- **Instructions to follow**: Could the data below be retyped exactly, without its pictures?

---- Exercise data

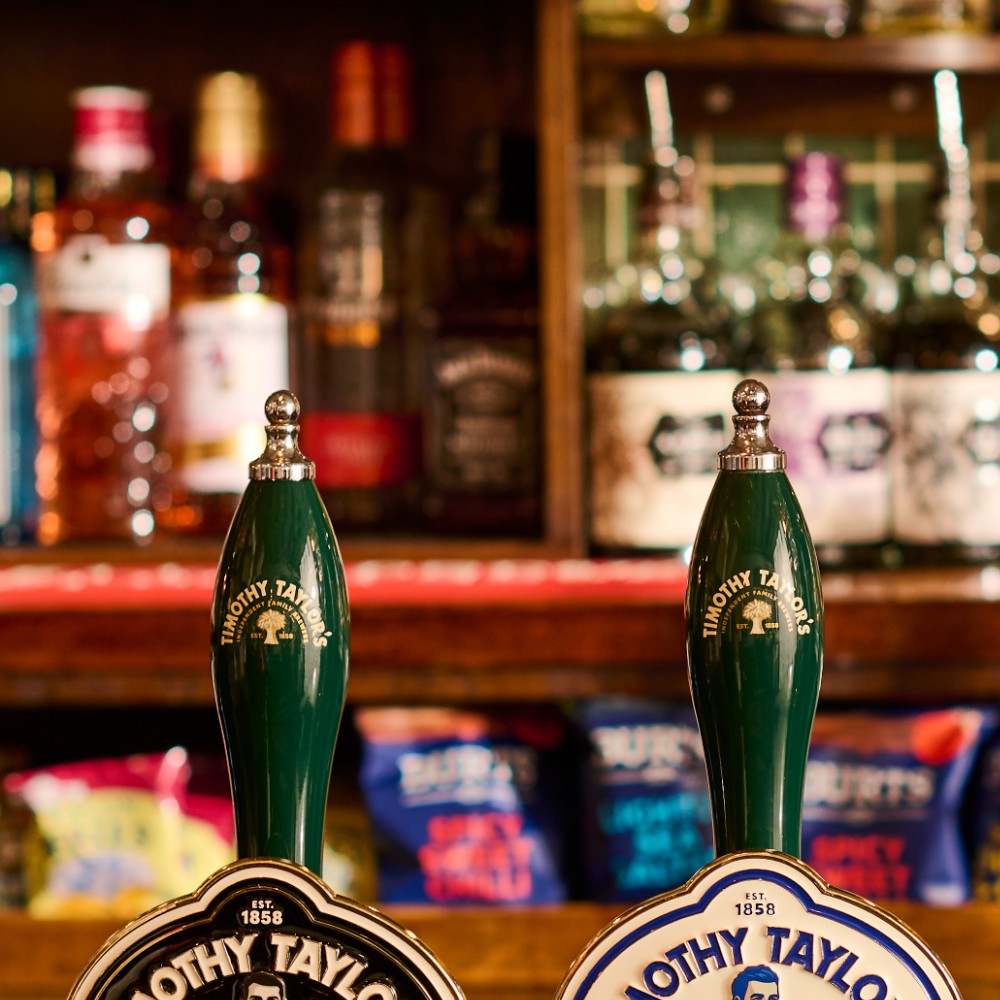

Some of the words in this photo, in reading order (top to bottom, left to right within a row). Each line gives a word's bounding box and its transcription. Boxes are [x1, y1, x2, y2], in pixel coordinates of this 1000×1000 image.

[703, 570, 751, 638] TIMOTHY
[759, 569, 814, 636] TAYLOR'S
[221, 580, 268, 646] TIMOTHY
[276, 580, 333, 647] TAYLOR'S
[588, 724, 706, 771] BURT
[745, 892, 767, 901] EST.
[251, 900, 274, 910] EST.
[735, 903, 776, 916] 1858
[241, 910, 283, 926] 1858

--------

- **Answer to the problem**:
Some of the words in this photo, in reading order (top to bottom, left to right within a row). Each line gives a word's bounding box and its transcription. Boxes are [x1, y1, x2, y2], in pixel coordinates of this 1000×1000 image.

[703, 570, 751, 638] TIMOTHY
[759, 569, 814, 636] TAYLOR'S
[221, 580, 268, 646] TIMOTHY
[276, 580, 333, 647] TAYLOR'S
[588, 724, 706, 771] BURT
[745, 892, 767, 901] EST.
[251, 900, 274, 910] EST.
[735, 903, 776, 916] 1858
[241, 910, 283, 926] 1858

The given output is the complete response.